Charges will not be filed against Honolulu police in fatal shooting of Black man from South Africa
The officers were justified in using deadly force, said attorney Steven Alm.
Three Honolulu police officers involved in the fatal shooting of Lindani Myeni, an unarmed South African rugby player, will not face criminal charges, according to the Department of the Prosecuting Attorney.
Honolulu prosecuting attorney Steven S. Alm announced Wednesday that the officers were justified in using deadly force because Myeni, who is Black, refused to comply and attacked the officers. Alm did not name the officers involved in the shooting.
Myeni, who had recently moved to Hawaii with his wife and two young children, was fatally shot on April 14 by Honolulu police who were responding to 911 calls after he apparently accidentally entered a neighbor's home. According to a wrongful death lawsuit filed by his widow, Lindsay Myeni, her husband may have confused the home he entered for a next-door public temple.
Doorbell camera video obtained and made public by the Bickerton Law Group, which is representing the family of Lindani Myeni, shows Myeni arriving at a house, removing his shoes, entering the home and then quickly leaving after his presence confused the occupants. He repeatedly apologized in the video.
Once officers arrived, Myeni repeatedly punched one of the officers who pointed a gun at him and told him to get on the ground, according to documents provided to ABC News by Alm's office. Alm said the other two officers attempted to stop Myeni by using a stun gun on him and tackling him to the ground before the first officer shot him once in the chest.
Even after being shot in the chest, Alm said Myeni continued punching the officer before another police officer shot him three times, striking him in the torso and right thigh. It was only after the shooting that police can be heard identifying themselves on body camera video. Myeni was pronounced dead of multiple gunshot wounds.
Alm said there was no evidence race played a role in the shooting.
In a statement provided to ABC News, the Bickerton Law Group said the civil case is not affected by this decision and they will continue to move ahead.
"In the civil case, we will address the central questions that Mr. Alm appears to have avoided completely," the statement said. "When you avoid addressing the very first wrongful act committed, your analysis of what comes afterwards should not be accepted by the public."
Lawyers representing the family denounced Alm's decision, saying in a statement that he "did not address whether it was lawful for Mr. Myeni to defend himself from the unknown assailant with a gun. Without that analysis, the rest of his analysis can have no weight."
"The big question was whether Mr. Myeni knew they were officers, and not a private security detail of the hysterical 911 caller standing behind them who had, just minutes before, falsely pretended to report a 'break in' to someone," the statement continued. "We know that Lindani said 'Who are you?' at least twice."
The Bickerton Law Group said the civil suit will "definitely" address Mr. Alm's analysis and his "unsupported conclusion that, because of the 'lighting,' Mr. Myeni knew they were officers."
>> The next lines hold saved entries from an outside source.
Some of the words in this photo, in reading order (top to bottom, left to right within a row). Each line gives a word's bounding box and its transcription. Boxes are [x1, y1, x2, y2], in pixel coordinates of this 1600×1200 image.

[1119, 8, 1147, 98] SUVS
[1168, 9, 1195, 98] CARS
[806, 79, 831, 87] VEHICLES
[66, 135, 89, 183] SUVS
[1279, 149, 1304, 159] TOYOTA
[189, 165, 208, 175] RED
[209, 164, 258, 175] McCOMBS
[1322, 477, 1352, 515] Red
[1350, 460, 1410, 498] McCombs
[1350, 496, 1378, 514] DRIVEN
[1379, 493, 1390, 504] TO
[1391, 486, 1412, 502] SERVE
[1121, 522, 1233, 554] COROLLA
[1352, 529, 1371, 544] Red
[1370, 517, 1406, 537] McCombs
"Mr. Alm did not explain why the officers all had to use flashlights if the lighting was so good, or why Officer #1 says repeatedly after the shooting 'I couldn't see him,' or why Mr. Myeni says, 'Who are you?'" said James Bickerton, one of the lawyers representing Myeni's widow. "Nor did Mr. Alm report doing any forensic tests to see what a person in Mr. Myeni's position would see if a 600 lumens tactical light is shone in their direction on a moonless night."
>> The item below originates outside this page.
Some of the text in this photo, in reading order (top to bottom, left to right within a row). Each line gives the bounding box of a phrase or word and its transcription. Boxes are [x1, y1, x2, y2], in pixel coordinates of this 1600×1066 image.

The city has not publicly identified the two officers who fired the fatal shots that resulted in Myeni's death, but Bickerton Law Group said they have identified the officers through an investigation. On Thursday, lawyers representing Myeni's widow filed papers to name the two officers who fired the fatal shots as additional defendants in the suit.
"I just never thought, I would think of Honolulu as a bad place, as a dark place ... it's just full of love and aloha," Lindsay Myeni told ABC News in an interview last month. "To have this place be so dark, and to actually have this other side where our police are just like the rest of the mainland, it's like there's no safety, there's actually fear now."